▶ **What the task requires**: Restate the listing below word for word, pictures excluded.

▶ **Provided data**:
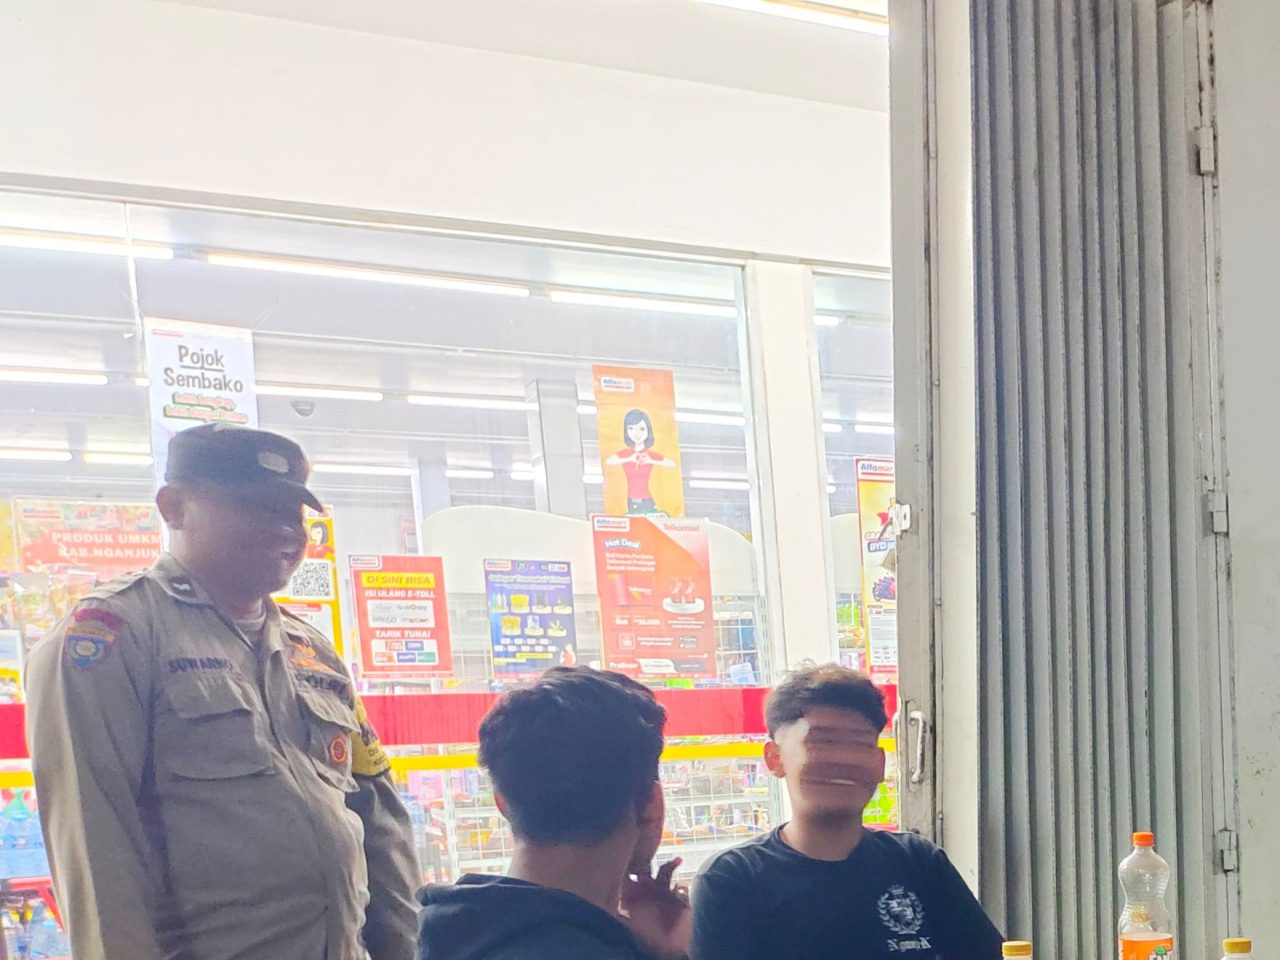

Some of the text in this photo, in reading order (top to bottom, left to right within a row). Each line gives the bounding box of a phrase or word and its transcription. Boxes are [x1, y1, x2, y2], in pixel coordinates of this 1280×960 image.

[178, 344, 225, 370] Pojok
[163, 367, 243, 393] Sembako
[664, 523, 700, 532] Telkomsel
[52, 532, 161, 544] PRODUK UMKM
[366, 575, 431, 585] DI SINI BISA
[407, 590, 435, 598] E-TOLL
[376, 630, 431, 638] TARIK TUNAI
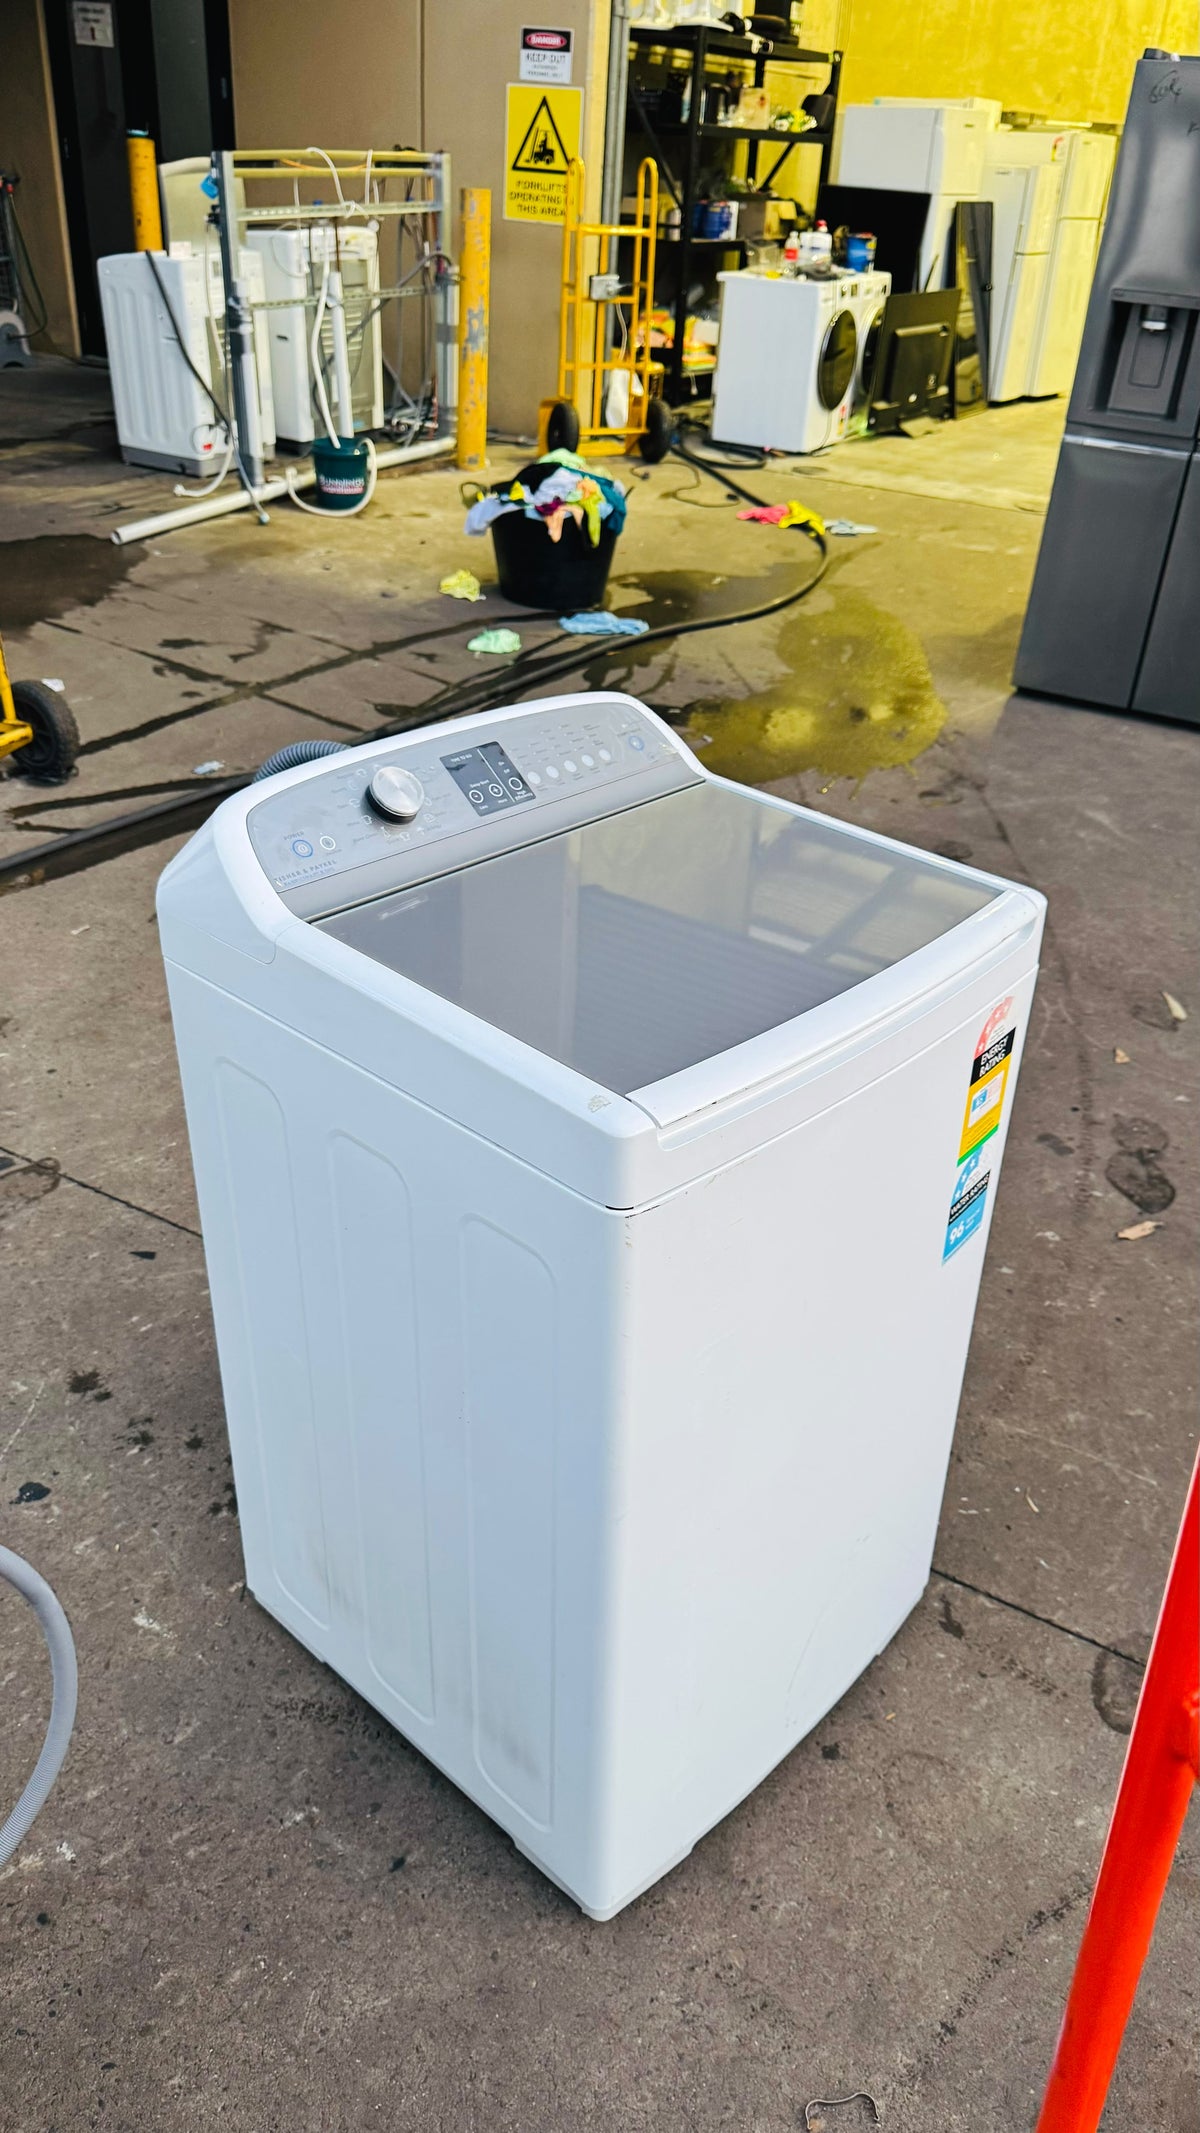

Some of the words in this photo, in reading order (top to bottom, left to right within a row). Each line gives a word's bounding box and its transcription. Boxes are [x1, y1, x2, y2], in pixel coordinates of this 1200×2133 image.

[526, 52, 546, 62] KEEP
[550, 54, 566, 63] OUT
[516, 180, 568, 193] FORKLIFTS
[517, 204, 538, 214] THIS
[309, 859, 338, 872] PAYKEL
[980, 1035, 1009, 1065] ENERGY
[979, 1049, 1006, 1077] RATING
[949, 1219, 965, 1245] 96

▶ **Solution to the problem**:
Some of the text in this photo, in reading order (top to bottom, left to right within a row). Each line gives the bounding box of a phrase or word and its transcription. Boxes are [x1, y1, x2, y2], in pixel coordinates of this 1280×960 image.

[178, 344, 225, 370] Pojok
[163, 367, 243, 393] Sembako
[664, 523, 700, 532] Telkomsel
[52, 532, 161, 544] PRODUK UMKM
[366, 575, 431, 585] DI SINI BISA
[407, 590, 435, 598] E-TOLL
[376, 630, 431, 638] TARIK TUNAI

Some of the words in this photo, in reading order (top to bottom, left to right within a row). Each line gives a word's bounding box and its transcription. Boxes are [x1, y1, x2, y2], in pixel coordinates of this 1200×2133 image.

[526, 52, 546, 62] KEEP
[550, 54, 566, 63] OUT
[516, 180, 568, 193] FORKLIFTS
[517, 204, 538, 214] THIS
[309, 859, 338, 872] PAYKEL
[980, 1035, 1009, 1065] ENERGY
[979, 1049, 1006, 1077] RATING
[949, 1219, 965, 1245] 96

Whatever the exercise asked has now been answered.